▶ _Data_:
Content starts

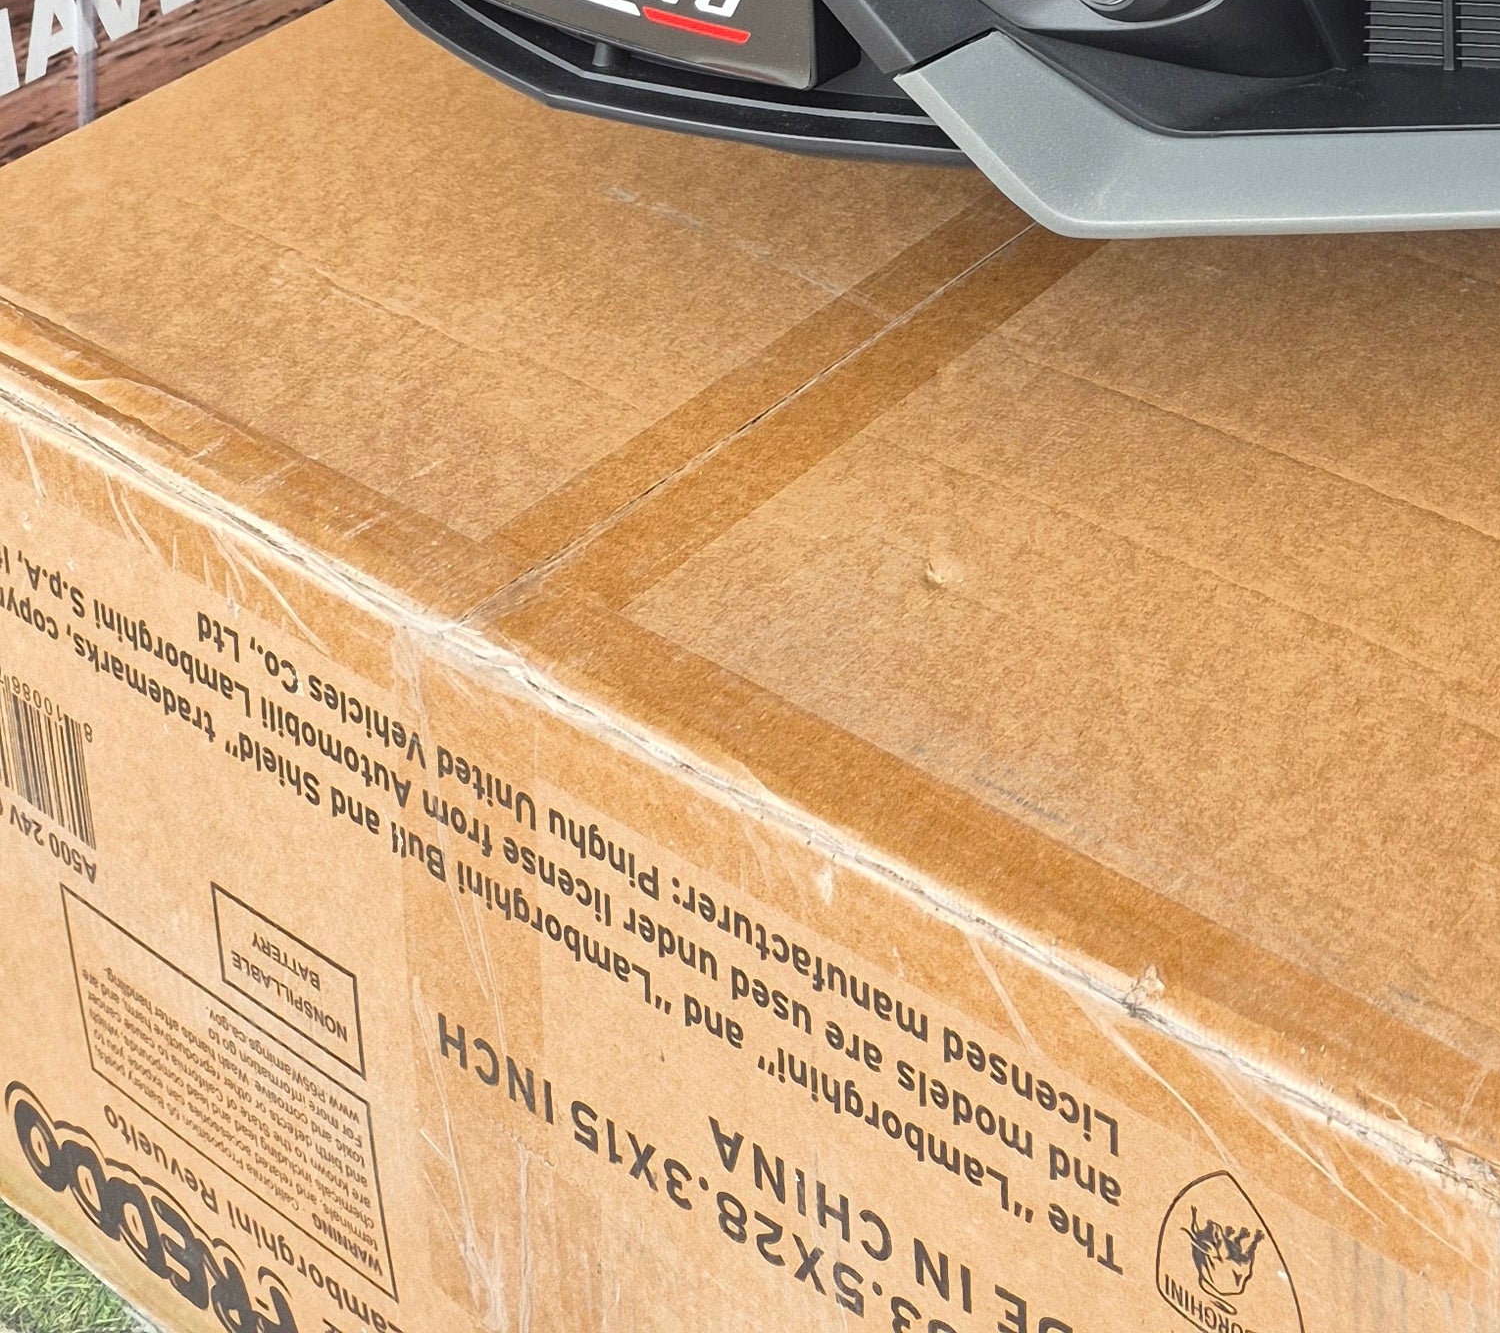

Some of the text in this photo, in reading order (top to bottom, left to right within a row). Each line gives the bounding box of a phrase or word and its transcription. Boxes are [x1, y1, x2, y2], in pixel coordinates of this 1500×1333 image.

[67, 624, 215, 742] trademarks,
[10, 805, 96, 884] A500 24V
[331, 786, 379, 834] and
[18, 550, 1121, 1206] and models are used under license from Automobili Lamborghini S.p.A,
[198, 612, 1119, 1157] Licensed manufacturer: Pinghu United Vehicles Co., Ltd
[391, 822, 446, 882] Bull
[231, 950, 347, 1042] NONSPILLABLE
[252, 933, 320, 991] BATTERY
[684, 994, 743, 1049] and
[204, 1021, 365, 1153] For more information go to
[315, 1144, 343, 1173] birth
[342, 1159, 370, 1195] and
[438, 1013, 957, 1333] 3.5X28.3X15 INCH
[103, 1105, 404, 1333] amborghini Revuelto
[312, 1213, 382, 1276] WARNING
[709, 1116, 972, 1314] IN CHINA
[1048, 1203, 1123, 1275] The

Content ends

▶ _What to do_:
Reproduce the records verbatim, omitting all images they contain.

▶ _Expected output_:
Some of the text in this photo, in reading order (top to bottom, left to right within a row). Each line gives the bounding box of a phrase or word and its transcription. Boxes are [x1, y1, x2, y2], in pixel coordinates of this 1500×1333 image.

[67, 624, 215, 742] trademarks,
[10, 805, 96, 884] A500 24V
[331, 786, 379, 834] and
[18, 550, 1121, 1206] and models are used under license from Automobili Lamborghini S.p.A,
[198, 612, 1119, 1157] Licensed manufacturer: Pinghu United Vehicles Co., Ltd
[391, 822, 446, 882] Bull
[231, 950, 347, 1042] NONSPILLABLE
[252, 933, 320, 991] BATTERY
[684, 994, 743, 1049] and
[204, 1021, 365, 1153] For more information go to
[315, 1144, 343, 1173] birth
[342, 1159, 370, 1195] and
[438, 1013, 957, 1333] 3.5X28.3X15 INCH
[103, 1105, 404, 1333] amborghini Revuelto
[312, 1213, 382, 1276] WARNING
[709, 1116, 972, 1314] IN CHINA
[1048, 1203, 1123, 1275] The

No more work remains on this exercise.